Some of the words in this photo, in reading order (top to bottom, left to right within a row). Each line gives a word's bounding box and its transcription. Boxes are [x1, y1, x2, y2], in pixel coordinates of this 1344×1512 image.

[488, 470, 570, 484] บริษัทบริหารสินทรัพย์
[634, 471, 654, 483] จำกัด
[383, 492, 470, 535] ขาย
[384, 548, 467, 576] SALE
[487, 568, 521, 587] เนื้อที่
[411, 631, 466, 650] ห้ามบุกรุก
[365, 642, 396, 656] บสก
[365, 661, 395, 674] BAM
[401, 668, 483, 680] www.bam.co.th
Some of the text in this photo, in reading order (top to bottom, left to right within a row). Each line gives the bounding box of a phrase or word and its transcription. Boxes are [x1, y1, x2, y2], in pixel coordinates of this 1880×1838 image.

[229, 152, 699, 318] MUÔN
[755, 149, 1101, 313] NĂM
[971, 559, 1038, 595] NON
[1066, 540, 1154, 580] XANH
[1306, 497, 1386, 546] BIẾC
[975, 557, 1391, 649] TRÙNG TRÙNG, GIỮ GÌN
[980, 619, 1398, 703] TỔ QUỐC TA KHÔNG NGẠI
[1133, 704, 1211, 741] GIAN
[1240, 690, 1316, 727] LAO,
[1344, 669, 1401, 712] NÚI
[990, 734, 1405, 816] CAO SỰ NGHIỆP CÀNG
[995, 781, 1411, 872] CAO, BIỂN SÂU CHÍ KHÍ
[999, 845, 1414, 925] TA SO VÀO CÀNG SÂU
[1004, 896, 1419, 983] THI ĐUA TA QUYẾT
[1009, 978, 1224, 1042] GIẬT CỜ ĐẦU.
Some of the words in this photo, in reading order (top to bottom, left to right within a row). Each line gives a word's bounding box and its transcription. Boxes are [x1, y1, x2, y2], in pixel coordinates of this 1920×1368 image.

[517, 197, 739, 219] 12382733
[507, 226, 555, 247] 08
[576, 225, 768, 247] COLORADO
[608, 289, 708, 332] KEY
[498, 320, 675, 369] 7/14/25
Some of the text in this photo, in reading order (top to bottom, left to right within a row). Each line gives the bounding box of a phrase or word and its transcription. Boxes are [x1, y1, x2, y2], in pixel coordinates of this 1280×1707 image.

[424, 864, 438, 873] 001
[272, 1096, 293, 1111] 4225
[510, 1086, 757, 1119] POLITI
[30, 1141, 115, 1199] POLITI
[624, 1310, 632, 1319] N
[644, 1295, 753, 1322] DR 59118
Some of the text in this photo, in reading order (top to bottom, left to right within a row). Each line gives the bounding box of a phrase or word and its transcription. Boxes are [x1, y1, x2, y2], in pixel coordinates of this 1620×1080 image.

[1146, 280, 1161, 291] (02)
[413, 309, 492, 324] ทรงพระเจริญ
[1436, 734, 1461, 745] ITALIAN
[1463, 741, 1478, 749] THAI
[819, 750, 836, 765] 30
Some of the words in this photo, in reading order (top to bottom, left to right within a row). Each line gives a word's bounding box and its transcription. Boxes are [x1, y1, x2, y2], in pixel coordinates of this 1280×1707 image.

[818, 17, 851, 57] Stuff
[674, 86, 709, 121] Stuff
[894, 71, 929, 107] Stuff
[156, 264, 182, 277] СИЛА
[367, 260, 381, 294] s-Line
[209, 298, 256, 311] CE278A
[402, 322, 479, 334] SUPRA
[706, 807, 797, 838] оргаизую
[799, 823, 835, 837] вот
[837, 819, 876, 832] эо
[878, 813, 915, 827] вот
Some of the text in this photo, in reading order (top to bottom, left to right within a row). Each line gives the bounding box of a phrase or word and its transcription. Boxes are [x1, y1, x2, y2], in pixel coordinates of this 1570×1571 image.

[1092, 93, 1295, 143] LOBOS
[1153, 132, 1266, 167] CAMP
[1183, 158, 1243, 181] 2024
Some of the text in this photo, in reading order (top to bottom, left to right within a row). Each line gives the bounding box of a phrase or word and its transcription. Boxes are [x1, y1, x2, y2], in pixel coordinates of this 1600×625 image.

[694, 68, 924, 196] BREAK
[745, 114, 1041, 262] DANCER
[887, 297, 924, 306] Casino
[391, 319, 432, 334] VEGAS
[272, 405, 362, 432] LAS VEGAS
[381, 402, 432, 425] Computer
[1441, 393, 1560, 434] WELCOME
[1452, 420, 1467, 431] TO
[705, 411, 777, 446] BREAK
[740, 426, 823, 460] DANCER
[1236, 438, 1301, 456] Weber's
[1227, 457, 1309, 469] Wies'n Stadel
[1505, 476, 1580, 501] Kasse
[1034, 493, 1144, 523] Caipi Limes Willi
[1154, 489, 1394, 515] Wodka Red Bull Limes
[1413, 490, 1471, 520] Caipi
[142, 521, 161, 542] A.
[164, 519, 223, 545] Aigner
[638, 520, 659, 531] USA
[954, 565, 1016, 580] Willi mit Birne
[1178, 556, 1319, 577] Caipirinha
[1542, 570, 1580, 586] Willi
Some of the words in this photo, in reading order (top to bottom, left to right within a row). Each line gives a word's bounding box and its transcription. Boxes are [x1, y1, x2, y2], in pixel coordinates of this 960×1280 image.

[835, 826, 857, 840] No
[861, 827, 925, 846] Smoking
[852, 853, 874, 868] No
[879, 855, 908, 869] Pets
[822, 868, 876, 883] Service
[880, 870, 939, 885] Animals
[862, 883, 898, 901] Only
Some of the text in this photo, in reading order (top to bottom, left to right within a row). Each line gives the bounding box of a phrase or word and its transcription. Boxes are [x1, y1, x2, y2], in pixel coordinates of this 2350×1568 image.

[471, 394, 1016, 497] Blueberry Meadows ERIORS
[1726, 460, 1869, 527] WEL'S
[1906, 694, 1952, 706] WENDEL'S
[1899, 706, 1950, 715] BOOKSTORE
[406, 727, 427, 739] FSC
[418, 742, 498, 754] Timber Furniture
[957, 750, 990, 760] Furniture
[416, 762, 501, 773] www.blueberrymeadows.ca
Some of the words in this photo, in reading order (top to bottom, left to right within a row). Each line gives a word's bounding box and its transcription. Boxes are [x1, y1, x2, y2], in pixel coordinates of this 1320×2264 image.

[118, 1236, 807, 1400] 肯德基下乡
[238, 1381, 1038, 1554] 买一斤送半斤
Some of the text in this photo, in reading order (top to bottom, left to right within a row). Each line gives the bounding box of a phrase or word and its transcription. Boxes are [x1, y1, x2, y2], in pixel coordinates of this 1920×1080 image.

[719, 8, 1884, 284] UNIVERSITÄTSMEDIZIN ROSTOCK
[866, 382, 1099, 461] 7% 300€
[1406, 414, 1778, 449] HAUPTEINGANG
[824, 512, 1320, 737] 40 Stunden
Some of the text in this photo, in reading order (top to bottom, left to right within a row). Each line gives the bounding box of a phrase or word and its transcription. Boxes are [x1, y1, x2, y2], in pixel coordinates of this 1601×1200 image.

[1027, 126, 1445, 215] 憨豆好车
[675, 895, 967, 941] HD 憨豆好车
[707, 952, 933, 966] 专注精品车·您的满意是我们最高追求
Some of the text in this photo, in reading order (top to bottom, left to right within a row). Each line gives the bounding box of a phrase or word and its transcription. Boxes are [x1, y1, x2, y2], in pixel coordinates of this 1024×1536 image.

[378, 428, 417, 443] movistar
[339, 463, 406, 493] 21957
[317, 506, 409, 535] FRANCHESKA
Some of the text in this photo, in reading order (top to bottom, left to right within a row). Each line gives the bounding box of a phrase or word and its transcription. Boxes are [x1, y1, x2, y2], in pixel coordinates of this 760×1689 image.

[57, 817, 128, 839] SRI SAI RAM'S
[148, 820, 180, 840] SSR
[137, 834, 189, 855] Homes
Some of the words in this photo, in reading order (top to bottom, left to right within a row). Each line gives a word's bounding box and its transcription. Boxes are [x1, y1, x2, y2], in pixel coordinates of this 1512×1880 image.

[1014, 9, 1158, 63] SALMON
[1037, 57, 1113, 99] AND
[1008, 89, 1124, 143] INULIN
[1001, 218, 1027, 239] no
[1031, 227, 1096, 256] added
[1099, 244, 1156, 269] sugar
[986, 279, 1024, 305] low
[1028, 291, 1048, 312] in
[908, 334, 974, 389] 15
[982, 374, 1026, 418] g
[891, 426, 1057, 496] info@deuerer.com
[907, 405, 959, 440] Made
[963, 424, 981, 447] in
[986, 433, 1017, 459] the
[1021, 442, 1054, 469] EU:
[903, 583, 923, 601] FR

+ + + +

What you should do:
Every line from the one holding "this 1512×1880 image." through the last line of the listing above should be set down exactly, and nothing more.

Answer space:
Some of the words in this photo, in reading order (top to bottom, left to right within a row). Each line gives a word's bounding box and its transcription. Boxes are [x1, y1, x2, y2], in pixel coordinates of this 1512×1880 image.

[1014, 9, 1158, 63] SALMON
[1037, 57, 1113, 99] AND
[1008, 89, 1124, 143] INULIN
[1001, 218, 1027, 239] no
[1031, 227, 1096, 256] added
[1099, 244, 1156, 269] sugar
[986, 279, 1024, 305] low
[1028, 291, 1048, 312] in
[908, 334, 974, 389] 15
[982, 374, 1026, 418] g
[891, 426, 1057, 496] info@deuerer.com
[907, 405, 959, 440] Made
[963, 424, 981, 447] in
[986, 433, 1017, 459] the
[1021, 442, 1054, 469] EU:
[903, 583, 923, 601] FR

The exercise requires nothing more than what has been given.